> **Task**
Reproduce the listing below precisely, leaving every line intact.

□ □ □ □ □ □ □

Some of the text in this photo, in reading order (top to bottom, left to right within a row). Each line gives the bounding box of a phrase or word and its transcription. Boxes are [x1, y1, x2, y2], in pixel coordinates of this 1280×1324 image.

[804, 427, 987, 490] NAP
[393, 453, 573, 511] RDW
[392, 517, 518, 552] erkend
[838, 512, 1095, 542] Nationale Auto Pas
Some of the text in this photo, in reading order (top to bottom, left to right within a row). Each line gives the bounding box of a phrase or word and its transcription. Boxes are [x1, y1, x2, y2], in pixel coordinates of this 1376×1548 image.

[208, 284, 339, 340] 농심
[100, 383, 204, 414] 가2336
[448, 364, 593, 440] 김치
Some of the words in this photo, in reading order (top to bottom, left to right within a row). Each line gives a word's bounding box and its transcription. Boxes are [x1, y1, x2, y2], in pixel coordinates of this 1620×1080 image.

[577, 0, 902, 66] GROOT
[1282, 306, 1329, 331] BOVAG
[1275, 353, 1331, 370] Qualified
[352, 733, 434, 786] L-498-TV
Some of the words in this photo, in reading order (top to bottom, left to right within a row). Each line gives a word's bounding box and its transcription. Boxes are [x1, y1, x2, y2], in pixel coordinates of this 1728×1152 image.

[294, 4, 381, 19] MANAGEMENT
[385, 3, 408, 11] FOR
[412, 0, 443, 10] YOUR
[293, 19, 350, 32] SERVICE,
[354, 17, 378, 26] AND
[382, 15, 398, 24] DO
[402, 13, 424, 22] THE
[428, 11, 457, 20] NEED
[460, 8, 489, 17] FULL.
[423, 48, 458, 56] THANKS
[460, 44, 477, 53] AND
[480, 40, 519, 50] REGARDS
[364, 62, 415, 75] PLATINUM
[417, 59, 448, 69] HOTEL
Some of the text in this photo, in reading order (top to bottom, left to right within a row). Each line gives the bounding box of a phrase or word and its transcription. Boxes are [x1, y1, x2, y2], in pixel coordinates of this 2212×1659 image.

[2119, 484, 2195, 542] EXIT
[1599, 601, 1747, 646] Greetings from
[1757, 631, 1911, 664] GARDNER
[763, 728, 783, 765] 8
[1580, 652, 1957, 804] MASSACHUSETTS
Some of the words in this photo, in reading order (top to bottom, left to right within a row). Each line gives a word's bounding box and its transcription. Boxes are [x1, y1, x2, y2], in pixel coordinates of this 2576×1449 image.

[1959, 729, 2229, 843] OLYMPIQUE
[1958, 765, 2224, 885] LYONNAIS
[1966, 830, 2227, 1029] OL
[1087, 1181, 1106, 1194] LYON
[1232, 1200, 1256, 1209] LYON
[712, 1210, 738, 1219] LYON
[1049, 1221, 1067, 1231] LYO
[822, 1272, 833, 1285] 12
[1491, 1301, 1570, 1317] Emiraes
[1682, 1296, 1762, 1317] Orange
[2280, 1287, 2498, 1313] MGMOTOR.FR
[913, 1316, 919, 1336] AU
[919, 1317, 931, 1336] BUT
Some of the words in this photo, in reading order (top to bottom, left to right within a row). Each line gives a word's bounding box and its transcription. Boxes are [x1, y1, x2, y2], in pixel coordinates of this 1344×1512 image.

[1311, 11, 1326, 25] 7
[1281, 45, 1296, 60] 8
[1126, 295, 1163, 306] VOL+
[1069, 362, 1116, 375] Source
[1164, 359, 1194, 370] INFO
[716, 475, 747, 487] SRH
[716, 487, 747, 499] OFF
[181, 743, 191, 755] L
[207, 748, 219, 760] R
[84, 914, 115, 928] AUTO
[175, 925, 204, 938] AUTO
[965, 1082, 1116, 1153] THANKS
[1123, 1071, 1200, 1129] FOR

□ □ □ □ □ □ □

> **Result of this task**
Some of the text in this photo, in reading order (top to bottom, left to right within a row). Each line gives the bounding box of a phrase or word and its transcription. Boxes are [x1, y1, x2, y2], in pixel coordinates of this 1280×1324 image.

[804, 427, 987, 490] NAP
[393, 453, 573, 511] RDW
[392, 517, 518, 552] erkend
[838, 512, 1095, 542] Nationale Auto Pas
Some of the text in this photo, in reading order (top to bottom, left to right within a row). Each line gives the bounding box of a phrase or word and its transcription. Boxes are [x1, y1, x2, y2], in pixel coordinates of this 1376×1548 image.

[208, 284, 339, 340] 농심
[100, 383, 204, 414] 가2336
[448, 364, 593, 440] 김치
Some of the words in this photo, in reading order (top to bottom, left to right within a row). Each line gives a word's bounding box and its transcription. Boxes are [x1, y1, x2, y2], in pixel coordinates of this 1620×1080 image.

[577, 0, 902, 66] GROOT
[1282, 306, 1329, 331] BOVAG
[1275, 353, 1331, 370] Qualified
[352, 733, 434, 786] L-498-TV
Some of the words in this photo, in reading order (top to bottom, left to right within a row). Each line gives a word's bounding box and its transcription. Boxes are [x1, y1, x2, y2], in pixel coordinates of this 1728×1152 image.

[294, 4, 381, 19] MANAGEMENT
[385, 3, 408, 11] FOR
[412, 0, 443, 10] YOUR
[293, 19, 350, 32] SERVICE,
[354, 17, 378, 26] AND
[382, 15, 398, 24] DO
[402, 13, 424, 22] THE
[428, 11, 457, 20] NEED
[460, 8, 489, 17] FULL.
[423, 48, 458, 56] THANKS
[460, 44, 477, 53] AND
[480, 40, 519, 50] REGARDS
[364, 62, 415, 75] PLATINUM
[417, 59, 448, 69] HOTEL
Some of the text in this photo, in reading order (top to bottom, left to right within a row). Each line gives the bounding box of a phrase or word and its transcription. Boxes are [x1, y1, x2, y2], in pixel coordinates of this 2212×1659 image.

[2119, 484, 2195, 542] EXIT
[1599, 601, 1747, 646] Greetings from
[1757, 631, 1911, 664] GARDNER
[763, 728, 783, 765] 8
[1580, 652, 1957, 804] MASSACHUSETTS
Some of the words in this photo, in reading order (top to bottom, left to right within a row). Each line gives a word's bounding box and its transcription. Boxes are [x1, y1, x2, y2], in pixel coordinates of this 2576×1449 image.

[1959, 729, 2229, 843] OLYMPIQUE
[1958, 765, 2224, 885] LYONNAIS
[1966, 830, 2227, 1029] OL
[1087, 1181, 1106, 1194] LYON
[1232, 1200, 1256, 1209] LYON
[712, 1210, 738, 1219] LYON
[1049, 1221, 1067, 1231] LYO
[822, 1272, 833, 1285] 12
[1491, 1301, 1570, 1317] Emiraes
[1682, 1296, 1762, 1317] Orange
[2280, 1287, 2498, 1313] MGMOTOR.FR
[913, 1316, 919, 1336] AU
[919, 1317, 931, 1336] BUT
Some of the words in this photo, in reading order (top to bottom, left to right within a row). Each line gives a word's bounding box and its transcription. Boxes are [x1, y1, x2, y2], in pixel coordinates of this 1344×1512 image.

[1311, 11, 1326, 25] 7
[1281, 45, 1296, 60] 8
[1126, 295, 1163, 306] VOL+
[1069, 362, 1116, 375] Source
[1164, 359, 1194, 370] INFO
[716, 475, 747, 487] SRH
[716, 487, 747, 499] OFF
[181, 743, 191, 755] L
[207, 748, 219, 760] R
[84, 914, 115, 928] AUTO
[175, 925, 204, 938] AUTO
[965, 1082, 1116, 1153] THANKS
[1123, 1071, 1200, 1129] FOR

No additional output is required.